WB backpedaled on their idiocy and decided to stop selling the preorder of the "charity" DLC as well as any future sales of it. They also refunded any existing purchases of said preorder (fucking pre orders for microtransactions...). They decided instead to just make a charitable donation and make the DLC free.

You can read their spin and tripe here. I'm sure it says something like "oh our intention was always to be generous and helpful and we totally weren't trying to hide anything and the internet people were being evil to us boo hoo hoo". I'm sure it's as legitimate and honest as their defense on their loot box scheme that you can see here.

Either way. The case is closed. No more fake charity bullshit. Fuck this asshole company though.

I disagree; turns out the problem was EXACTLY what I predicted it would be:

Yep. They've said they will not be taking any profits from this. period. I wonder where the rest of the money goes though..

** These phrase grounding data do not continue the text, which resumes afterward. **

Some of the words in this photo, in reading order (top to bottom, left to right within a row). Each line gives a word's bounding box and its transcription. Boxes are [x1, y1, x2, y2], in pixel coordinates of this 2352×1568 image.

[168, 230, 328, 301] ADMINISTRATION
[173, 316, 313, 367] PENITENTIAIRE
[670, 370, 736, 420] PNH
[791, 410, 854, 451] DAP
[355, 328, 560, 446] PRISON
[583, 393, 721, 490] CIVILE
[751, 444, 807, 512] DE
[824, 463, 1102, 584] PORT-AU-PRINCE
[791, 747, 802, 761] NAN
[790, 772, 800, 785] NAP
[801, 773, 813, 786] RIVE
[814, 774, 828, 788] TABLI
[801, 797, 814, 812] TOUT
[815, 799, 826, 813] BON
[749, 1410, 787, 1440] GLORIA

it's pretty simple. they're legally not allowed to do this without registering in 6 states, so they're probably just going to make an offsetting donation of their own without explicitly linking the two.

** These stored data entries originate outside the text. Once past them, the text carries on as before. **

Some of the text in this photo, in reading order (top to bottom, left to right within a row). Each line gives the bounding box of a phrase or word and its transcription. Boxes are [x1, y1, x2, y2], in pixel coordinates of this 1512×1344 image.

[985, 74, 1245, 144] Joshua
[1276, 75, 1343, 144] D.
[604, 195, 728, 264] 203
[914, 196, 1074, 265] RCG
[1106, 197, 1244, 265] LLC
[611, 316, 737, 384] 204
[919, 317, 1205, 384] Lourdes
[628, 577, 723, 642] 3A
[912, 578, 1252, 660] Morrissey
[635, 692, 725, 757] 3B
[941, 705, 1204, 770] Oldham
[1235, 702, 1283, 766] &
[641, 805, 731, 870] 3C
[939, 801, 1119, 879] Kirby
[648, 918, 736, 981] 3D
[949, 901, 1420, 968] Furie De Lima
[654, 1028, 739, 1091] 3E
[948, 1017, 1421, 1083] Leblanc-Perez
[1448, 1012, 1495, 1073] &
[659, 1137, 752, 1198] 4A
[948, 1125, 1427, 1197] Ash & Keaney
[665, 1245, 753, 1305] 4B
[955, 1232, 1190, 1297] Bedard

but hey, maybe they're going to pocket it. it's not like we won't find out.

from them:

Quote from: WB
Our decision not to promote the donation outside the U.S. (even though we intended to donate the money) caused many to question where funds from other territories were going. Answering that direct question itself could have triggered compliance obligations or put us in violation of cause marketing laws in some of the 241 territories in which the content was available.

you can't run an unregistered (ie illegal) charity, tell everyone you're running an unregistered charity, and then expect no state with registration requirements will take notice.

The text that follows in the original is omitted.